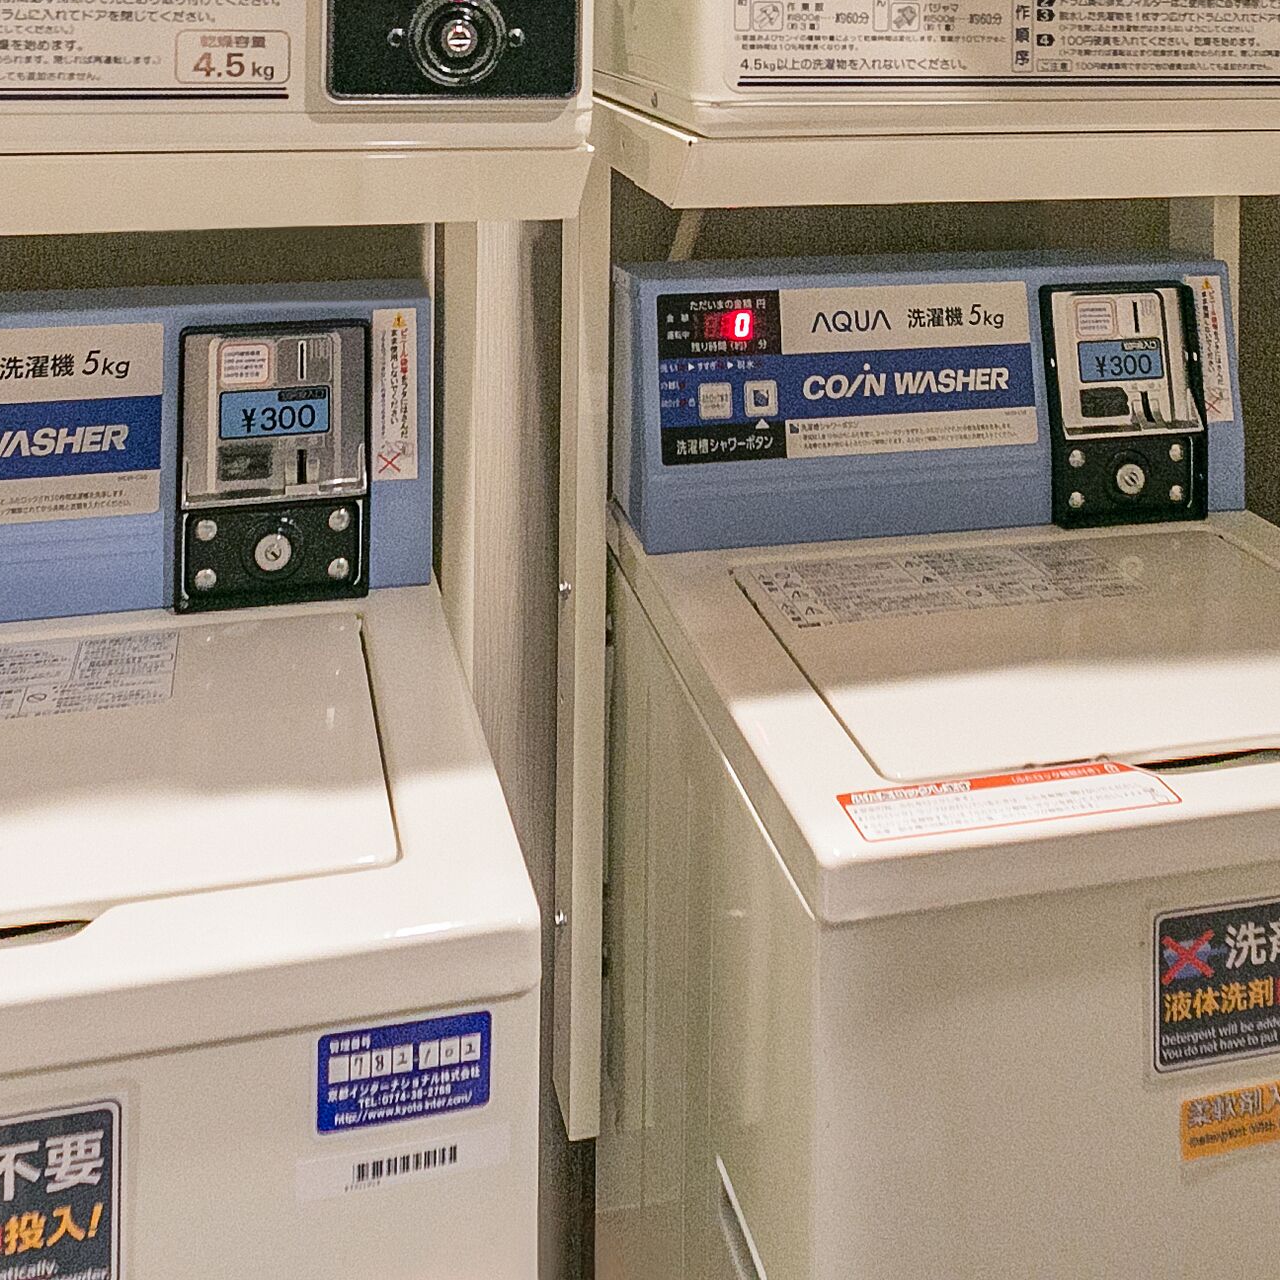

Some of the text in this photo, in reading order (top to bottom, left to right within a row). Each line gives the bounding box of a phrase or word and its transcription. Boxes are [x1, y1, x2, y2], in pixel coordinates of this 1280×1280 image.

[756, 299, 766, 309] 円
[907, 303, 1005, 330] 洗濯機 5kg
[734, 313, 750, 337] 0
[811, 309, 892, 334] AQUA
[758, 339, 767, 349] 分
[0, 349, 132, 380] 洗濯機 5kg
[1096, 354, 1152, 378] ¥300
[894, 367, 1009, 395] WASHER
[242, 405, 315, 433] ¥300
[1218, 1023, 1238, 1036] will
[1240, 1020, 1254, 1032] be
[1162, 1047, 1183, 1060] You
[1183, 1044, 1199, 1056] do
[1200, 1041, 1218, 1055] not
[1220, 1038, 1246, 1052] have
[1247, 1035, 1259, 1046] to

**TASK STATEMENT:** Repeat the whole listing above word for word. Leave out the pictures.

**EXPECTED ANSWER:**
Some of the text in this photo, in reading order (top to bottom, left to right within a row). Each line gives the bounding box of a phrase or word and its transcription. Boxes are [x1, y1, x2, y2], in pixel coordinates of this 1280×1280 image.

[756, 299, 766, 309] 円
[907, 303, 1005, 330] 洗濯機 5kg
[734, 313, 750, 337] 0
[811, 309, 892, 334] AQUA
[758, 339, 767, 349] 分
[0, 349, 132, 380] 洗濯機 5kg
[1096, 354, 1152, 378] ¥300
[894, 367, 1009, 395] WASHER
[242, 405, 315, 433] ¥300
[1218, 1023, 1238, 1036] will
[1240, 1020, 1254, 1032] be
[1162, 1047, 1183, 1060] You
[1183, 1044, 1199, 1056] do
[1200, 1041, 1218, 1055] not
[1220, 1038, 1246, 1052] have
[1247, 1035, 1259, 1046] to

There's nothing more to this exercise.